» Exercise data
⟨

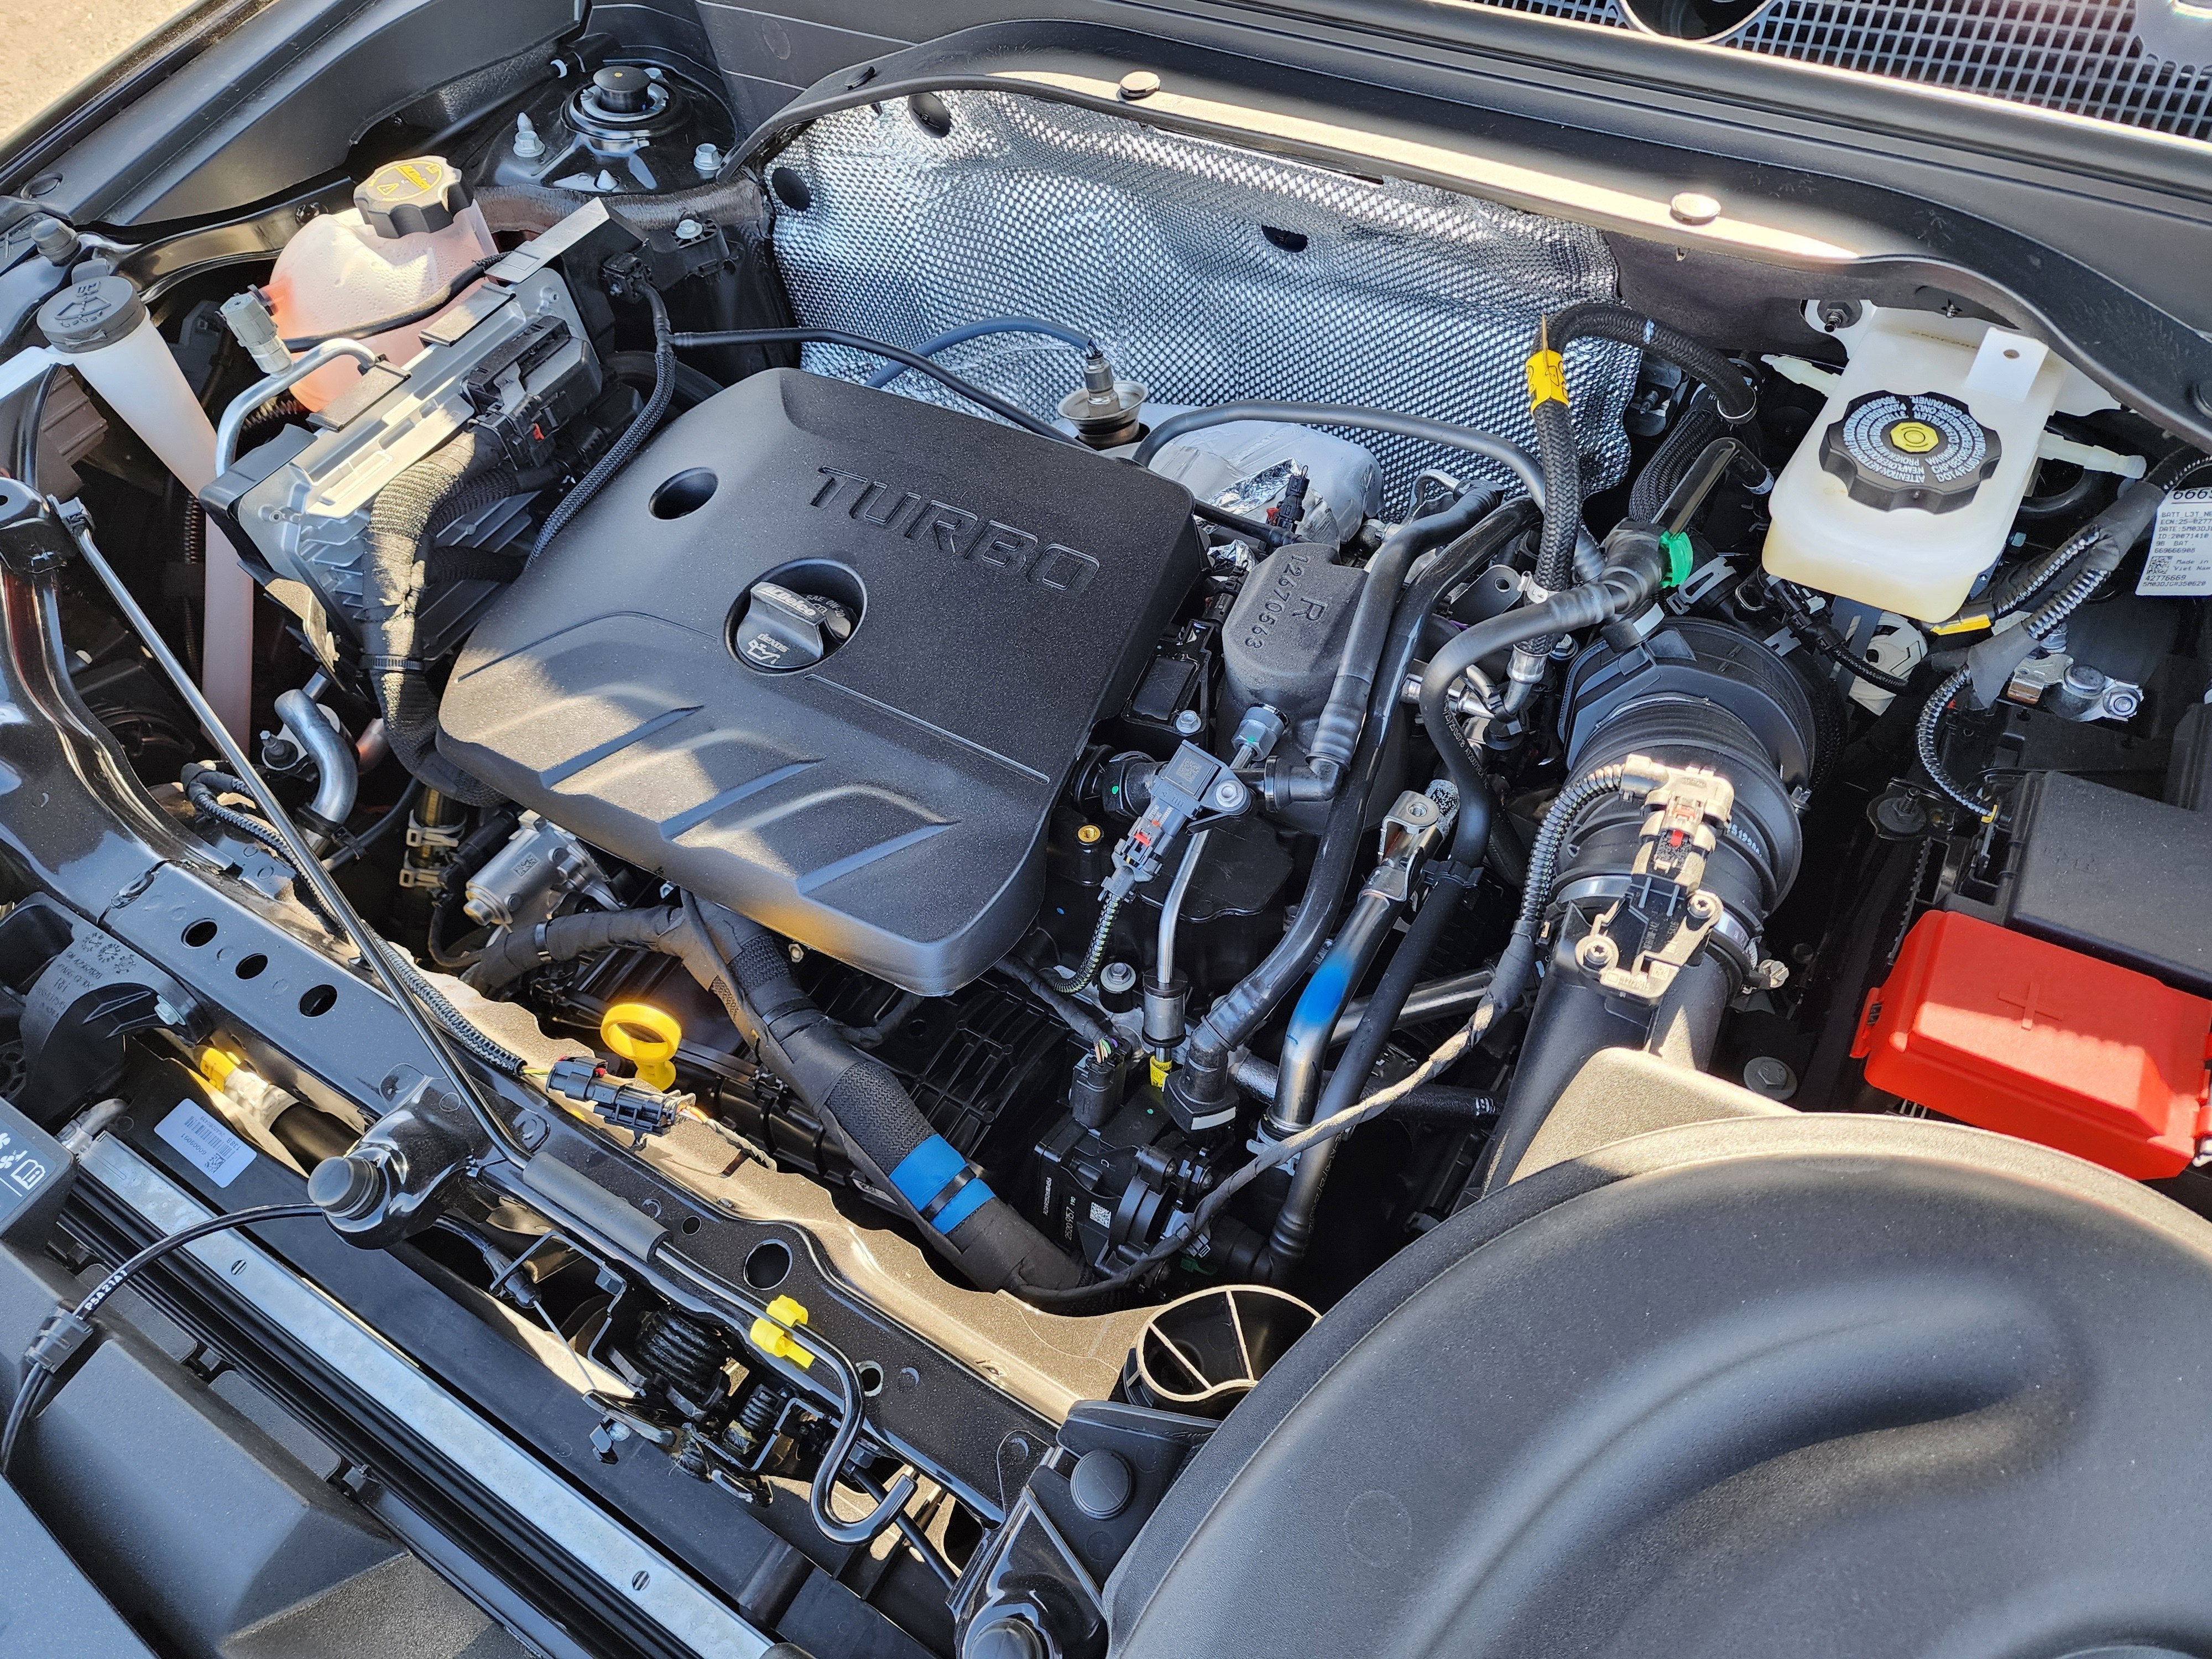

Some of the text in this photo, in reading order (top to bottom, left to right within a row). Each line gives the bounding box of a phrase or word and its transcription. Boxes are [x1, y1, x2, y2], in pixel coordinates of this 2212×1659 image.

[2173, 488, 2212, 500] 666
[811, 466, 1100, 598] TURBO
[760, 586, 816, 617] ACDelco
[805, 594, 846, 618] SAE 0W-20
[1245, 555, 1309, 648] 12670563
[1292, 597, 1328, 621] R
[757, 633, 790, 653] dexos
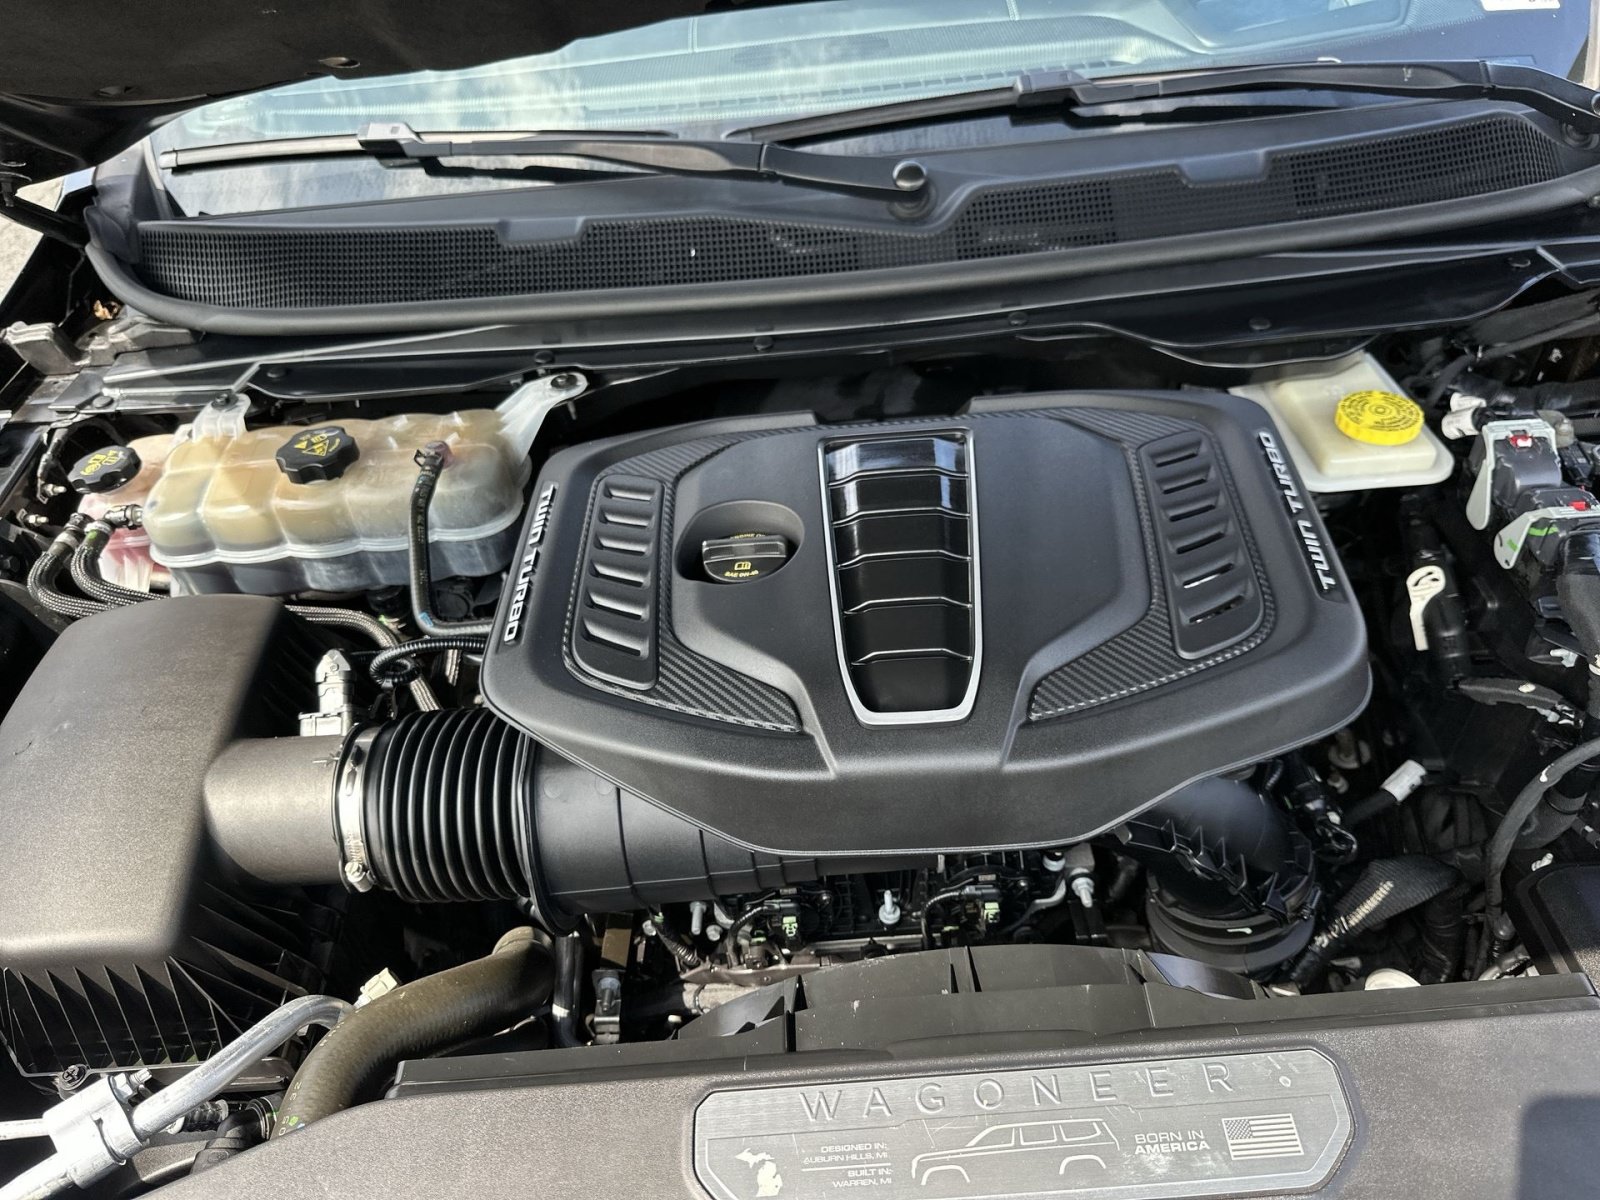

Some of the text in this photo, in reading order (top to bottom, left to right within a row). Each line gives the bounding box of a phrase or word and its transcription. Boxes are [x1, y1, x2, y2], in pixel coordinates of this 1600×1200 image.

[1259, 431, 1335, 590] TWIN TURBO
[504, 484, 554, 642] TWIN TURBO
[800, 1061, 1234, 1122] WAGONEER
[1134, 1130, 1206, 1144] BORN IN
[820, 1142, 888, 1154] DESIGNED IN:
[1135, 1140, 1211, 1155] AMERICA
[803, 1151, 888, 1165] AUBURN HILLS, MI
[847, 1168, 877, 1177] BUILT
[832, 1177, 892, 1188] WARREN, MI

⟩

» Task directions
Leave the pictures out, then print every entry exactly as it reads.

» Exercise answer
Some of the text in this photo, in reading order (top to bottom, left to right within a row). Each line gives the bounding box of a phrase or word and its transcription. Boxes are [x1, y1, x2, y2], in pixel coordinates of this 2212×1659 image.

[2173, 488, 2212, 500] 666
[811, 466, 1100, 598] TURBO
[760, 586, 816, 617] ACDelco
[805, 594, 846, 618] SAE 0W-20
[1245, 555, 1309, 648] 12670563
[1292, 597, 1328, 621] R
[757, 633, 790, 653] dexos

Some of the text in this photo, in reading order (top to bottom, left to right within a row). Each line gives the bounding box of a phrase or word and its transcription. Boxes are [x1, y1, x2, y2], in pixel coordinates of this 1600×1200 image.

[1259, 431, 1335, 590] TWIN TURBO
[504, 484, 554, 642] TWIN TURBO
[800, 1061, 1234, 1122] WAGONEER
[1134, 1130, 1206, 1144] BORN IN
[820, 1142, 888, 1154] DESIGNED IN:
[1135, 1140, 1211, 1155] AMERICA
[803, 1151, 888, 1165] AUBURN HILLS, MI
[847, 1168, 877, 1177] BUILT
[832, 1177, 892, 1188] WARREN, MI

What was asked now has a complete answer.